Thanks all... will have a look at some of these when I'm there - I had a feeling we may have to try to stretch the budget a bit - if we find the right place we might have to shave some money off the beer budget. (Look for the post in 6 months' time about cheap places for a night out ).

We just want somewhere with a nice feel to it - few decent bars/places to eat within (preferably) walking/stumbling distance. Am in a bit of a crappy area here - I love the people who live on the street but we've been burgled twice - once at knife point - and had the car graffitied and attempted-stolen, so somewhere we feel a bit more settled!

I AM SO EXCITED!!!


----------



## greenthumb77 (May 7, 2008)

you dont live in yate do you?


----------



## lillia (May 7, 2008)

greenthumb77 said:


> you dont live in yate do you?



No - Levenshulme in Manchester...  am making the move back down south after 8 years up here. Can't wait. That's why I want to get moving asap... now I've made the decision I want to move NOW. 

Takes deep breath.


----------



## greenthumb77 (May 7, 2008)

Kool, welcome home brother


----------



## lillia (May 7, 2008)

greenthumb77 said:


> Kool, welcome home brother



sister


----------



## greenthumb77 (May 7, 2008)

lillia said:


> Ok urbanites of Brizzle... help me out!?!
> 
> Then I can pack up the crap I've collected, the cats and the good lady wife and head for lovely lovely Bristol.
> 
> Which lead me to believe you were maybe a man although I did wonder why you had a girlie name, my apologies


----------



## kalidarkone (May 7, 2008)

You would get something for £500-600 per month in Easton/ Fishponds kind of area. About a 20-30 min walk to the centre (40 mins if you are me) also a cycle path and a bus route and the little train!! which is really  and gets you from Easton to Temple meads in 5 mins or the other way to Clifton also in about 5 mins and cost 70p!

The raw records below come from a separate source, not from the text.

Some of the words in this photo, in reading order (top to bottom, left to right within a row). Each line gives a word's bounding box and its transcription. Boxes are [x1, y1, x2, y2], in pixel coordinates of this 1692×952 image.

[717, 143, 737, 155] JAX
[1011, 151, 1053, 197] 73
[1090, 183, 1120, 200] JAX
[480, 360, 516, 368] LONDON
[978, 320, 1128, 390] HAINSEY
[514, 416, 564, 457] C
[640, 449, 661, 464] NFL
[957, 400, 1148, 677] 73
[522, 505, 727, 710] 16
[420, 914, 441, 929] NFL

Lots of culturally diverse food shops and places to eat, quite a good bohemian/hippy/creative scene..Easton cowboys and Easton can can troupe -what more could you ask for? easy to score. Ikea

On the downside... easy to score...can get a bit ruff n ting on Stapleton road at 4am....fucking kids on mopeds Ikea.

If you want greenry- check out Greenbank - its the posh end of Easton near a huge grave yard, cycle path and an empty chocolate factory which looks as if it may be developed into some kind of community space. 

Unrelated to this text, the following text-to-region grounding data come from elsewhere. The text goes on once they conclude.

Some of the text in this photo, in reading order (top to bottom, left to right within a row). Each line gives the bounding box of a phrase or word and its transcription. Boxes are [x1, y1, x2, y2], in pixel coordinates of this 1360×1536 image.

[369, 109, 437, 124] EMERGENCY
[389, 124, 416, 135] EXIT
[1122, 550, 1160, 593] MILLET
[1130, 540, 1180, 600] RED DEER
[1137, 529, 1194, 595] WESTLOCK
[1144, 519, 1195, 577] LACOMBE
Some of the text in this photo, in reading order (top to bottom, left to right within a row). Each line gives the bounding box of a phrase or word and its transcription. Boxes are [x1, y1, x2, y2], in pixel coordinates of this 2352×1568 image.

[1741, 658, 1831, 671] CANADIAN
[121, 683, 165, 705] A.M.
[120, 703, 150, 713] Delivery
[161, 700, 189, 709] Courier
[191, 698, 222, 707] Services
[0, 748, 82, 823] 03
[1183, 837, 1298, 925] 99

I'm biased. I love it I does.


----------



## Geri (May 7, 2008)

Greenbank is nice (I was going to buy a house there before I bought this one but it fell through) but most other parts of Easton I wouldn't really want to live in.

How about Eastville? It's close to Easton but a lot quieter, and we have a lovely park.  You don't even notice Ikea either if you are on the right side of the motorway. It's also handy for Tesco.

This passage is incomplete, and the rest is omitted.